I am newly aware of how much time I was spending on things I cannot spend time on any longer. Between not playing sports or watching them in stadiums and on television, I likely have 20 freed hours a week.

It’s the psychological, not the physical, that is proving most valuable. The isolated workday is both enervating and energizing. I have more time to reflect on the decisions I need to make, even if I have more decisions to make than ever, and a new and better routine is emerging.

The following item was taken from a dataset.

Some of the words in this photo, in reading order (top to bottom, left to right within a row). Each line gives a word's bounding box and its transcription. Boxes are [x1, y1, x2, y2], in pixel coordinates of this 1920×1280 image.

The physical, social things matter, of course. I miss people. I miss banter. I miss elongated discussion. No matter the technology, nothing ever replaces the critical mass in a room to choose to do things. Neither virtual reality nor Zoom will replicate that magical moment in which collective body language decides to proceed or not – far more subtly than technology can summon.

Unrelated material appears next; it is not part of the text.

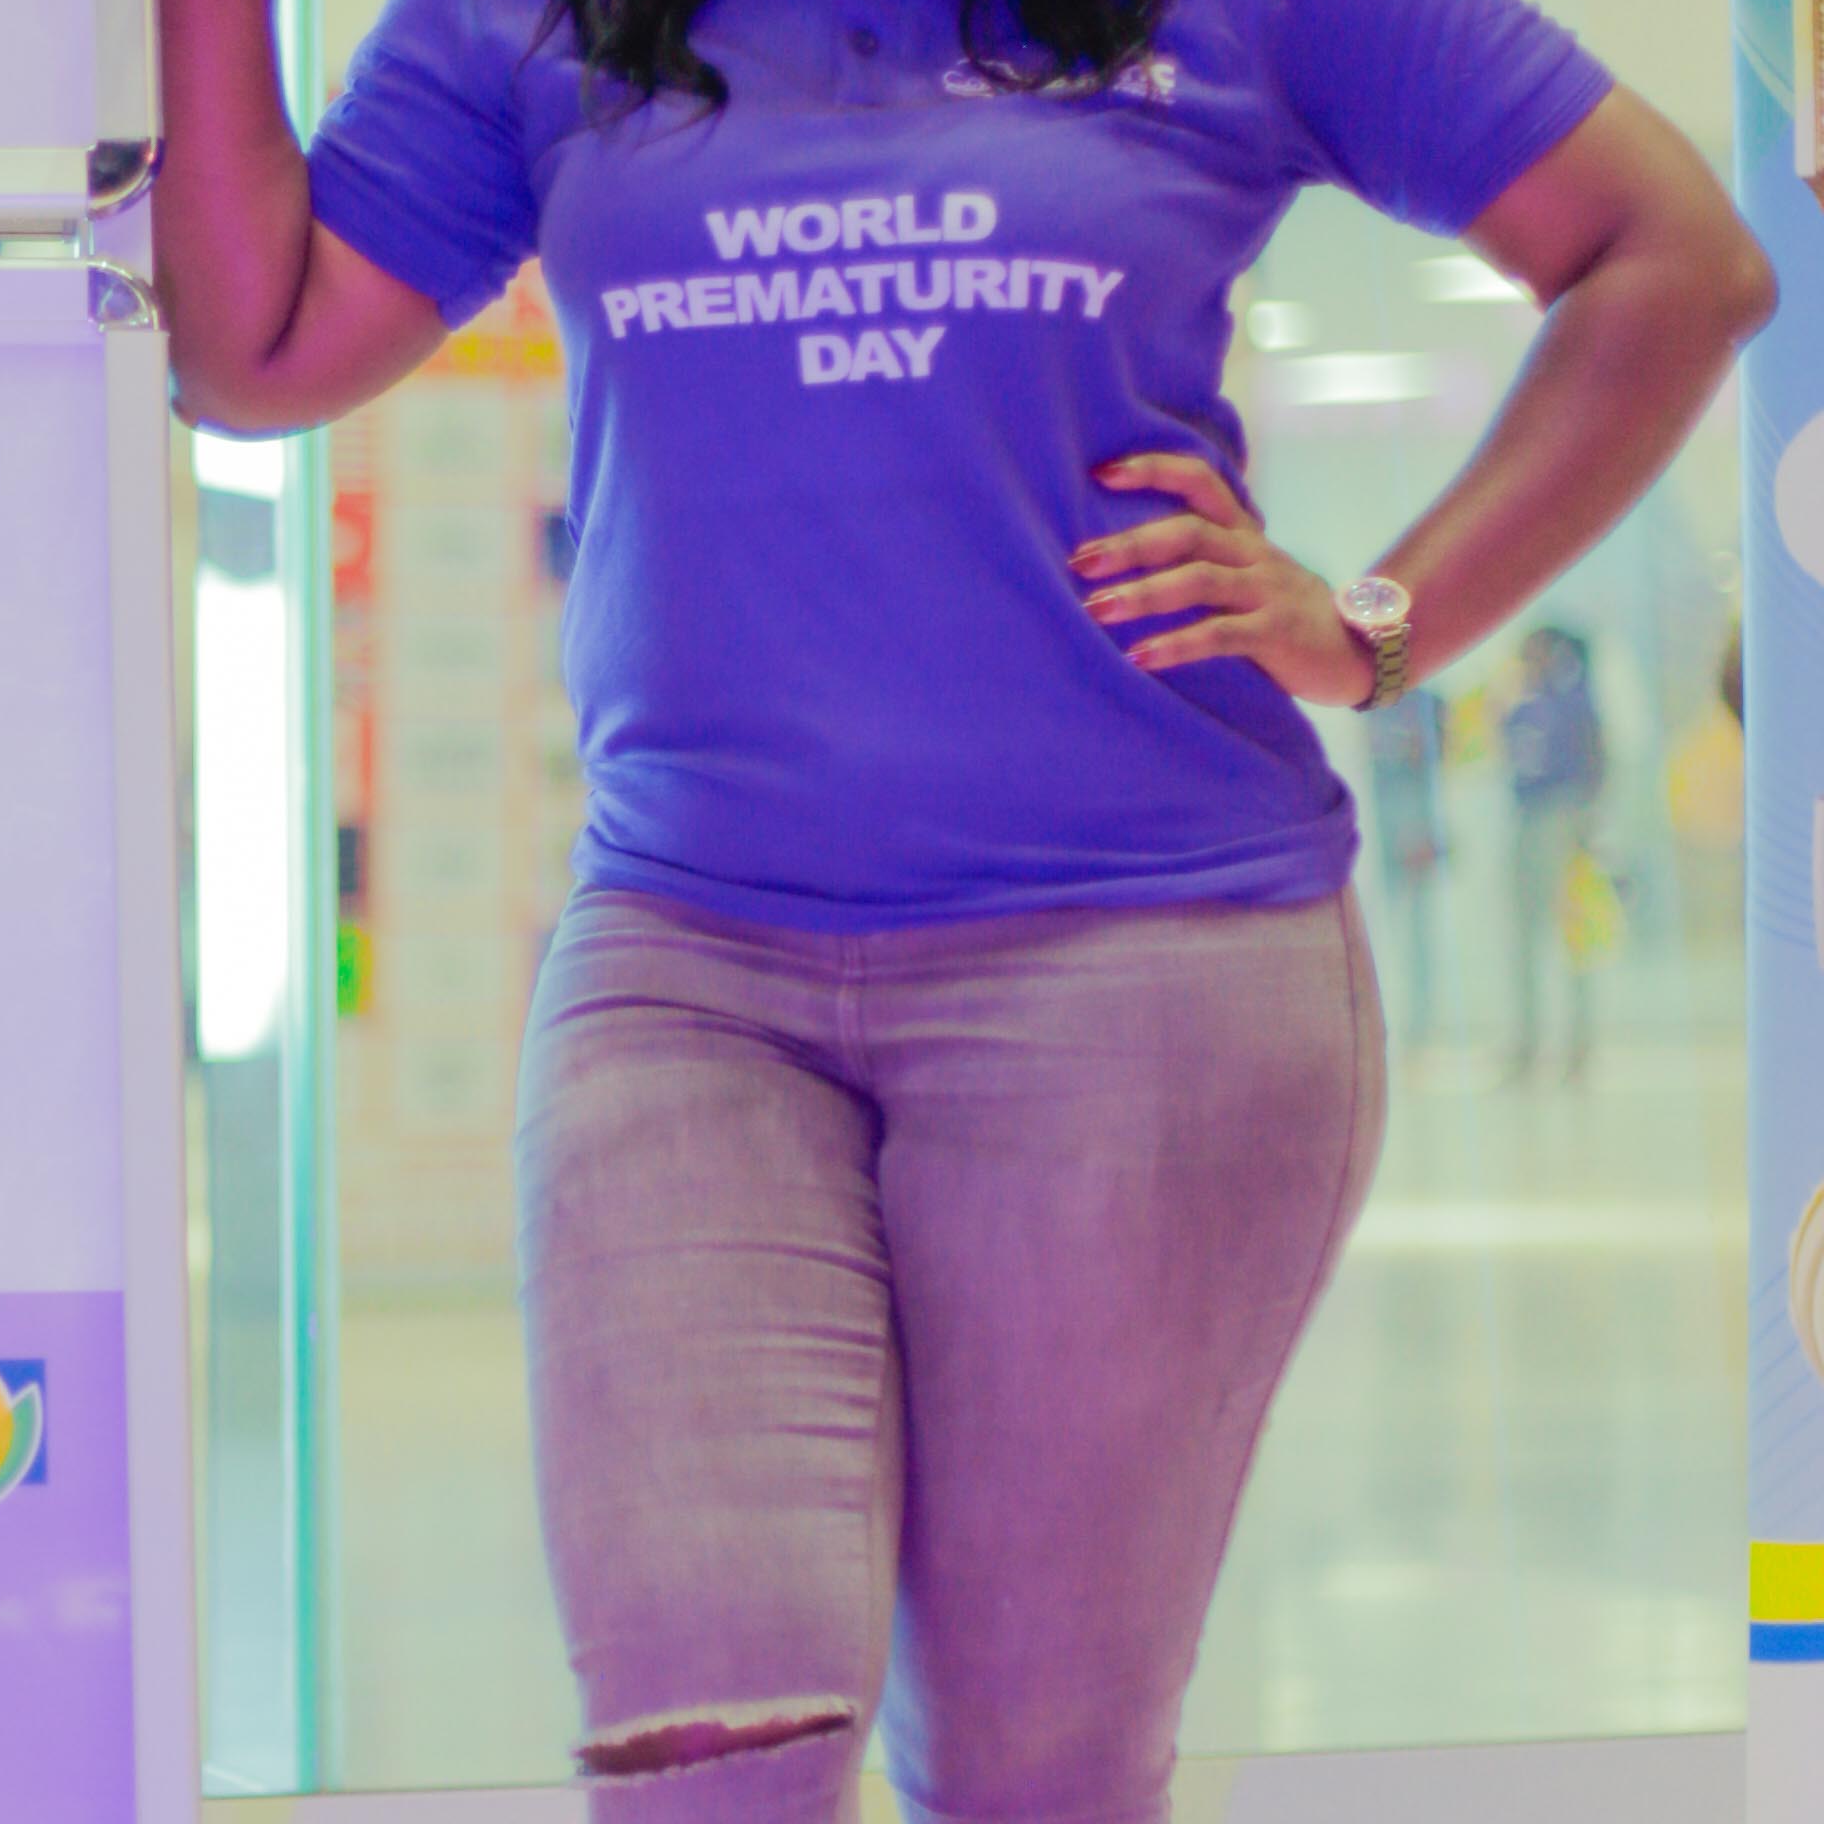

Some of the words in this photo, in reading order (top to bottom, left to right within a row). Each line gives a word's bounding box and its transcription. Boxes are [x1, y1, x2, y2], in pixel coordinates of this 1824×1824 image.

[705, 192, 998, 261] WORLD
[600, 259, 1125, 339] PREMATURITY
[798, 326, 947, 385] DAY

But I suppose what I am most recognizing, and what I am most focusing on fixing, is my oversized sense of judgment. COVID-19 is infecting that indirectly and leading me in a different direction.

The journalist in me has relied upon the energy that arrives with judgment – the evaluative, contemplative, reflective, determinative kind that decides upon which stories to pursue and how. But that energy is at times propelled by critical thinking littered with harsh assessment.

The craft and competitiveness of journalism supersizes certain qualities of judgment that pick winners and losers, heroes and villains, black hats and white hats, people who are better and lesser, and the coronavirus era has been a rife irritant and display of this. Take, for instance, the invidious shaming of people who don’t social-distance. I am, or at least was, guilty of condemning people on the beach in the spring sunshine playing loosely with the medical advice to separate safely. When I started running on the pavement again instead of a treadmill at the gym, I was aghast initially at how many people could not stay two metres apart as they walked, ran, cycled or communed. These weren’t couples or families; these were buddies and co-workers and people catching up on their lives, and I and others were incredulous.

I was also judgmental of politicians at the podium too near to colleagues or their interpreters for those with hearing disabilities. Same goes for lineups at store counters and aisles in the supermarket. I saw them as a clutch of that marvellous new word, covidiots, rather than people who were simply at different stages of development, likely less-informed  and deserving of a little compassion instead of derision. True, they may not understand their susceptibility and may be risking themselves and others. But their lambasting is more about our own egos than about their faults.

Same with the hoarders. The disgracing, invading social media pile-on of people loading their trunks with cleansers or shopping carts with toilet paper, trying to make a quick buck or trying to quell their utter fear of living without, is all about our sense of superiority.

I will risk in disclosing that even, after all these years, I think I need to be slightly less judgmental of Donald Trump. He is lost and struggling and making it up, and it would be funny if it weren’t so tragic, but he is doing so to save his presidency. I don’t agree with his tactics, I could simply heap on the scorn – I mean, for heaven’s sake, Easter to reopen America? – but I’d rather recognize he is adopting the survival mechanism some of us in his shoes would adopt, too. I see him now without particularly judging him, while fundamentally disagreeing with him, because even the struggles of the powerful are like our own in some ways.

Well, OK, maybe I can’t stop judging him. There are limits.

COVID-19 is starting to be a bit of a cleanse on my darker qualities of judgment. I’m settled in for an ordeal, and off-key behaviour could waste the opportunity within the significant time that seclusion has bestowed. I want to use that time more valuably. I can hope to be bigger than I have been, and I have the pandemic to thank.

Kirk LaPointe is publisher and editor-in-chief of Business in Vancouver and vice-president, editorial, of Glacier Media.